Data under study -
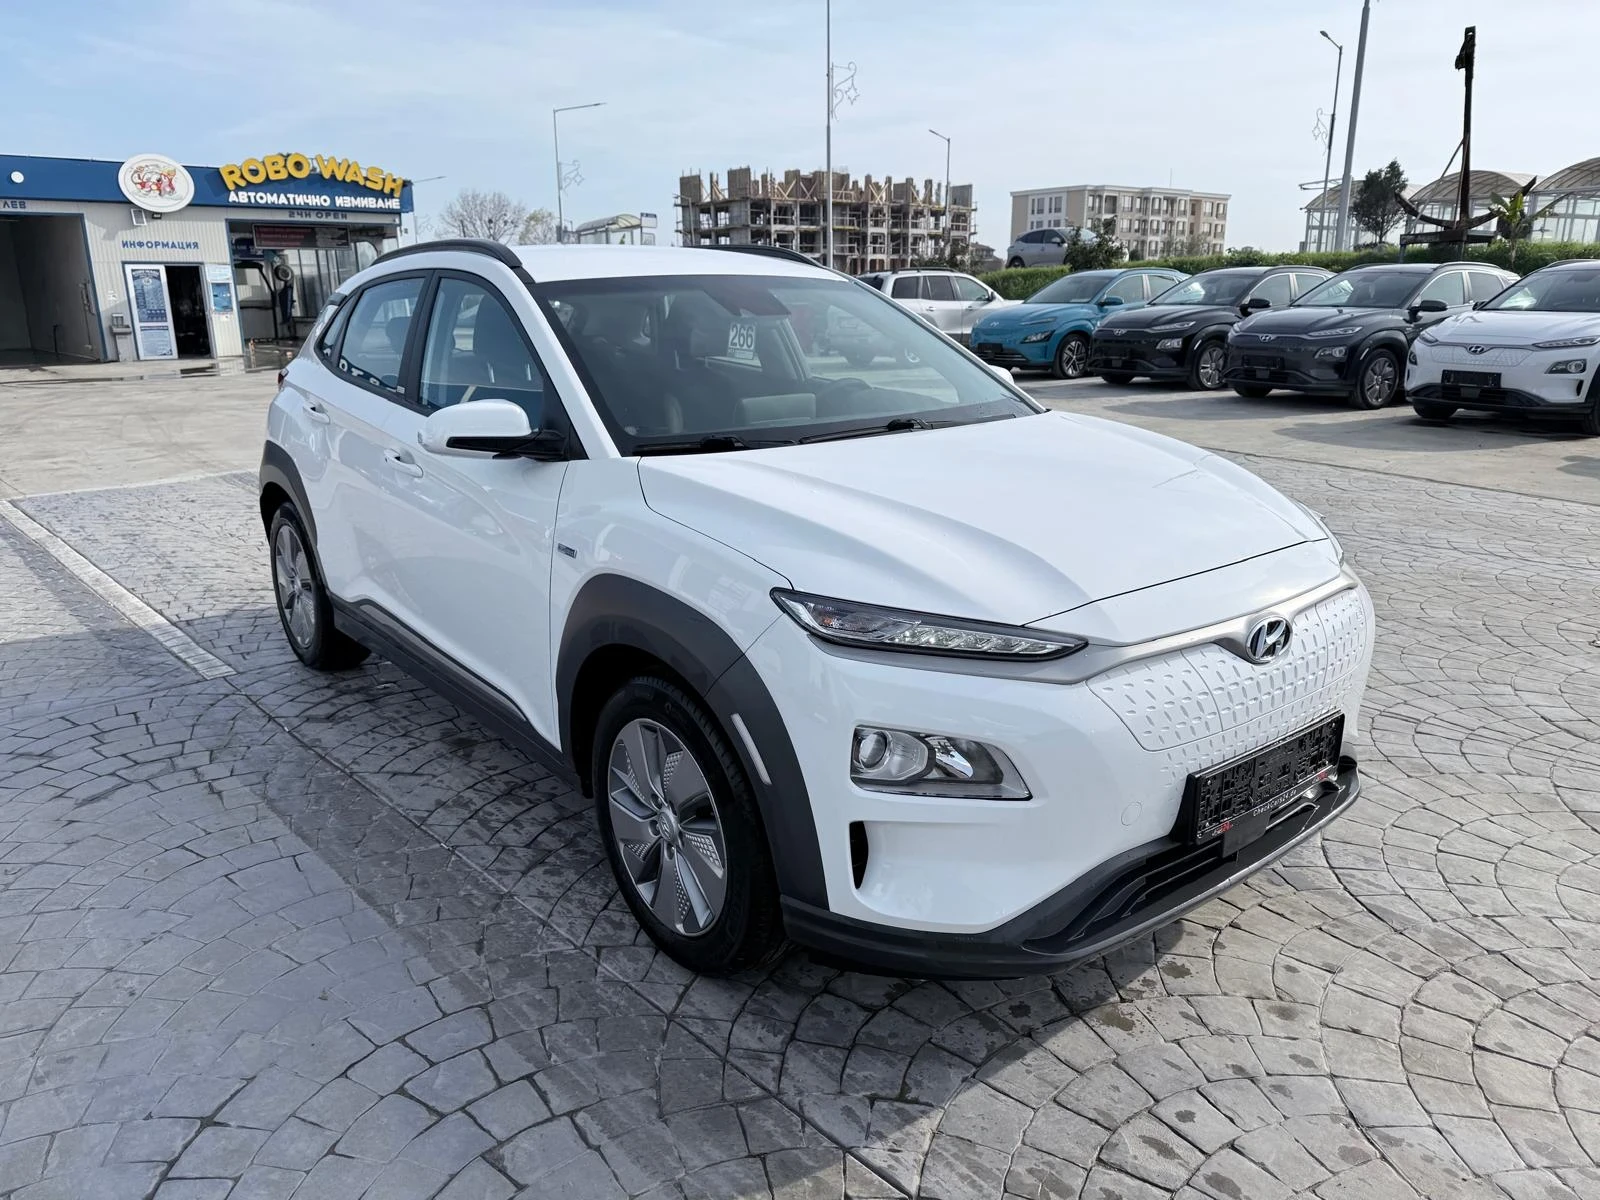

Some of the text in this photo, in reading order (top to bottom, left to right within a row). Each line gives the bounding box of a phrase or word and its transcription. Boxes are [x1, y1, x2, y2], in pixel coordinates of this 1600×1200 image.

[219, 153, 403, 197] ROBO WASH
[228, 191, 400, 209] АВТОМАТИЧНО ИЗМИВАНЕ
[316, 211, 348, 220] OPEN
[121, 240, 199, 250] ИНФОРМАЦИЯ
[730, 324, 754, 348] 266
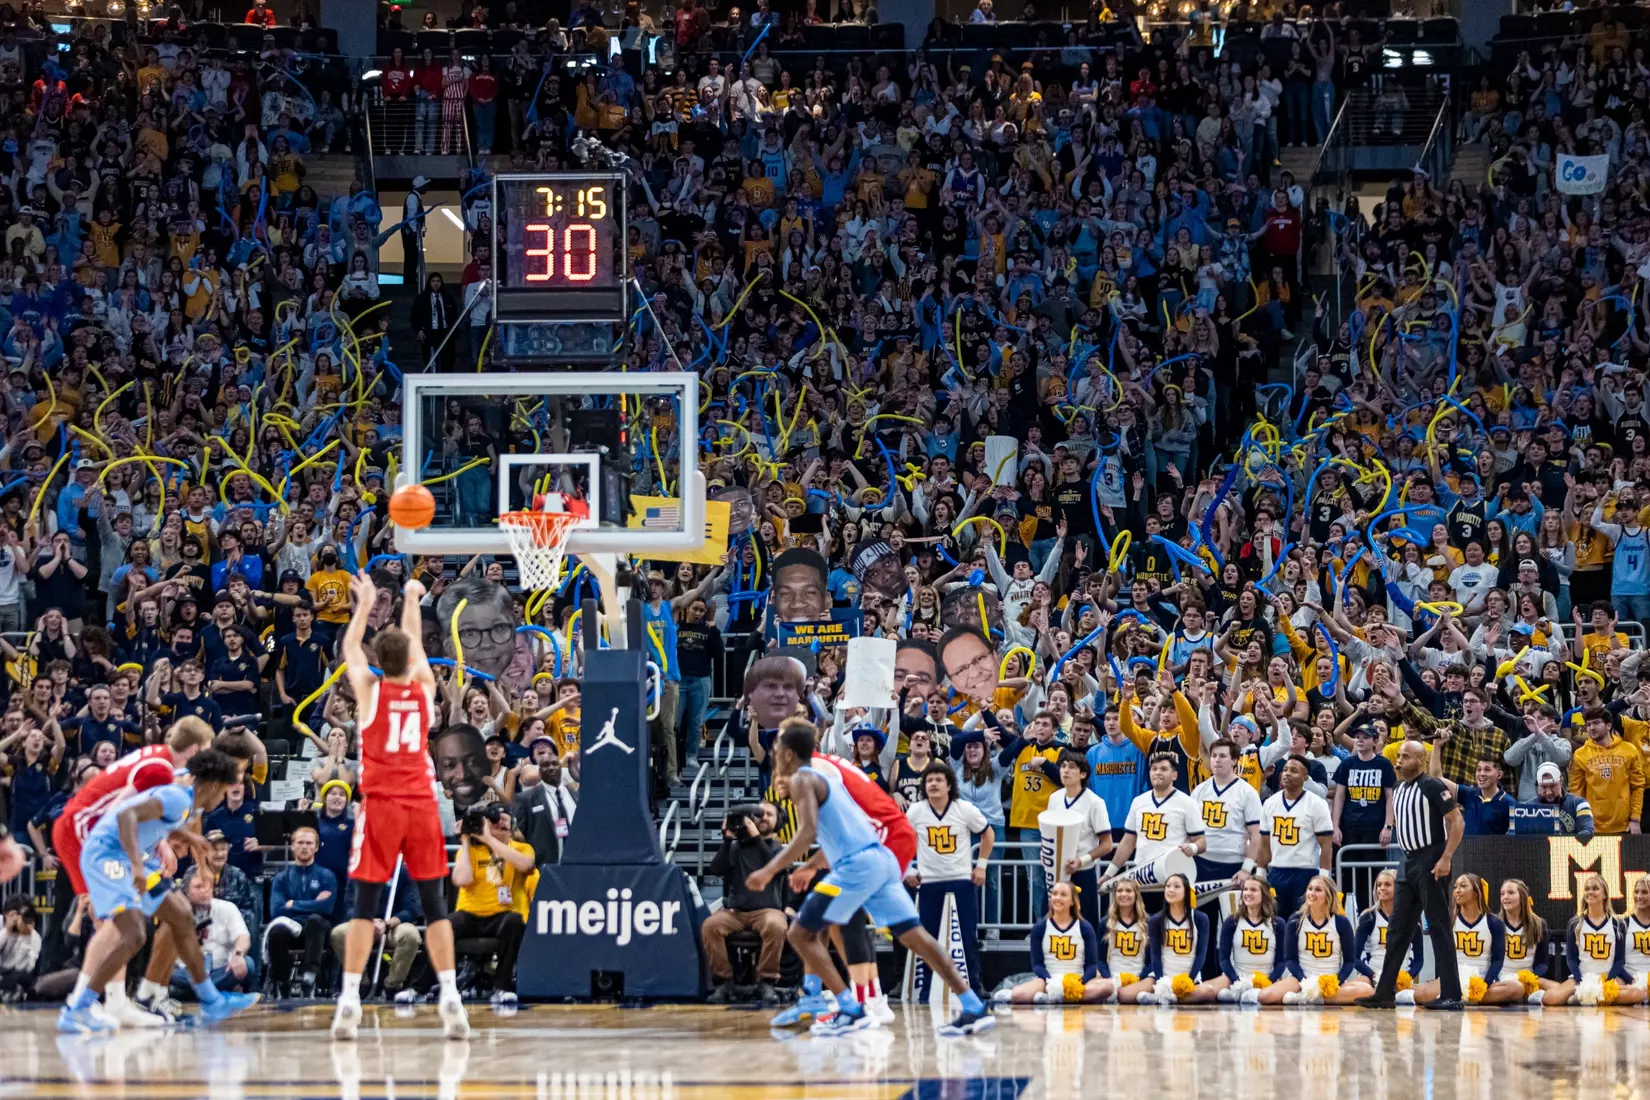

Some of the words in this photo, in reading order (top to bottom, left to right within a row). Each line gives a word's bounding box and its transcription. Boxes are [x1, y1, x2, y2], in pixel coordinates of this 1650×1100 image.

Task directions - If a record contains a picture, leave the picture out and retype everything else exactly.

Reply to the exercise -
Some of the text in this photo, in reading order (top to bottom, left to right within a row). Each line gives the bounding box of a phrase or word and its transcription. Boxes are [x1, y1, x2, y2], in pixel coordinates of this 1600×1200 image.

[219, 153, 403, 197] ROBO WASH
[228, 191, 400, 209] АВТОМАТИЧНО ИЗМИВАНЕ
[316, 211, 348, 220] OPEN
[121, 240, 199, 250] ИНФОРМАЦИЯ
[730, 324, 754, 348] 266

Some of the words in this photo, in reading order (top to bottom, left to right within a row). Each line gives a word's bounding box and its transcription. Boxes are [x1, y1, x2, y2], in pixel coordinates of this 1650×1100 image.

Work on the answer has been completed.